Tomorrow I’ll be celebrating yet another birthday, but that’s not the anniversary I’ll be thinking of.  It will be six months to the day since Dr. X gave me the great news that the nasty illness I had was in remission.  I’ve remained symptom free and all my tests, including an MRI earlier this months, have shown nothing but healthy cells.  I’ll get MRI’s of my brain quarterly for the next couple of years, just to make sure there’s no recurrence.  Unlike the last one, they will not be scheduled on a Friday.  It’s really not that much fun waiting until Monday for the results!

I’ve been feeling better and I’m resuming many of my normal activities, but I’m learning that it takes a long time to recover from all the side effects of the treatments I received.  Last weekend, Sayer and I hiked up to Cuyamaca Peak, about a six mile walk up and down a steep hill; my legs still hurt.  I’m going to keep at it, because I really want to get back in shape; someday I want people to tell CNS lymphoma patients, “I know a guy who had that, and he’s out climbing mountains right now.”

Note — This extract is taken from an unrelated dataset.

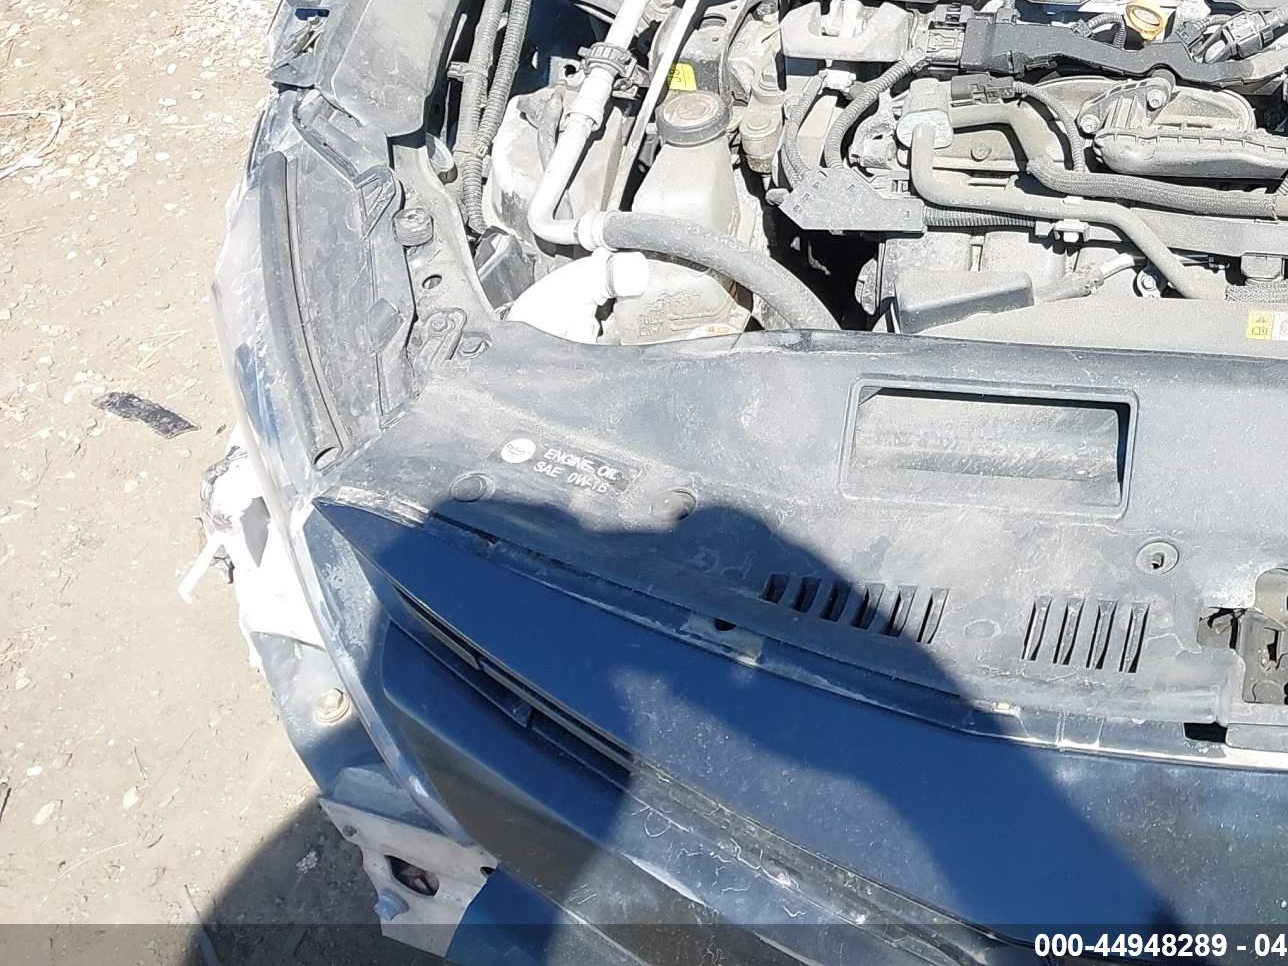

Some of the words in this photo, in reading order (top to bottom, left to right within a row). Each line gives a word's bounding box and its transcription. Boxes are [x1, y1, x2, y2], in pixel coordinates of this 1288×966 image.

[533, 461, 565, 479] SAE
[543, 447, 595, 472] ENGINE
[597, 465, 618, 481] OIL
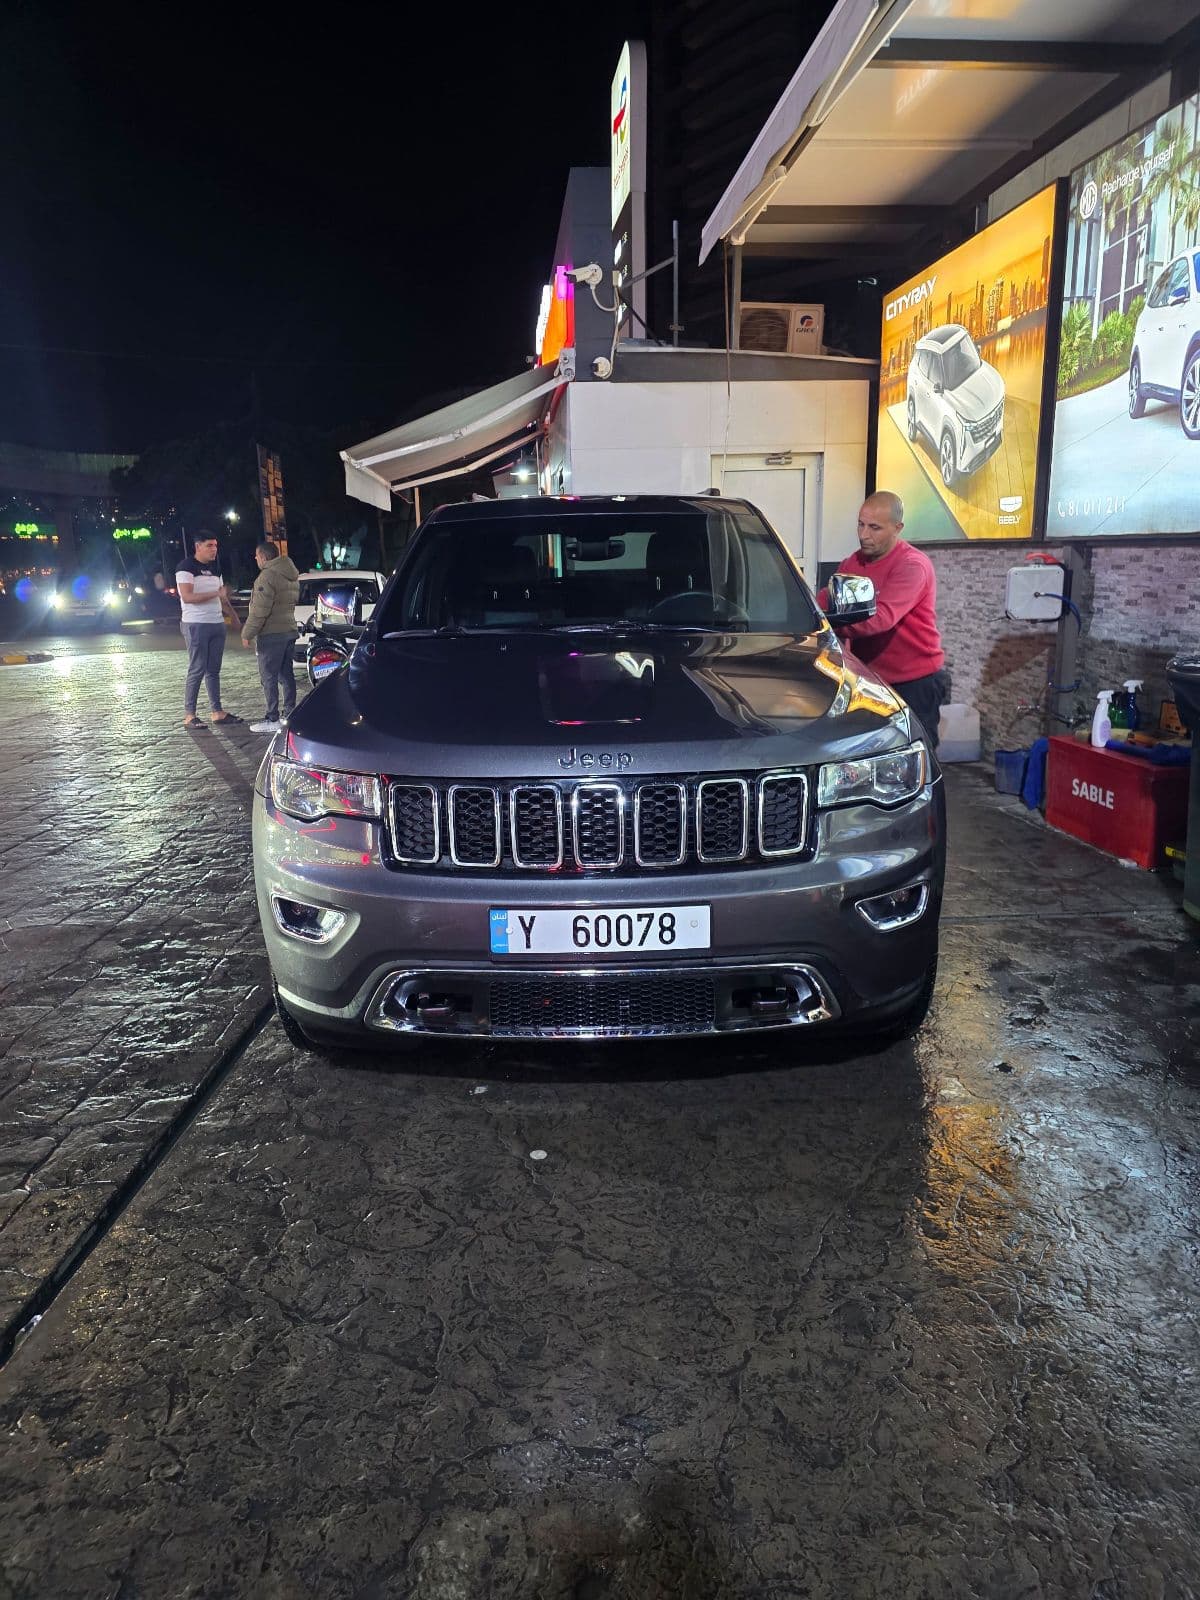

In an exciting development, I was finally able to go back to work on a regular basis this month.  It’s a great feeling to be earning a little money again, and it helps to make me feel that my life is getting back to normal.

I’ve now been married for two months, and we a are planning a reception in the fall.  I know, it’s probably a little more traditional to have a reception the same day as the wedding, but Sayer and I like to do things our way.  Plus, we did have kind of unusual circumstances.  Anyway, we picked a spot, in New Hampshire, and it should be a beautiful fall day to celebrate our wedding.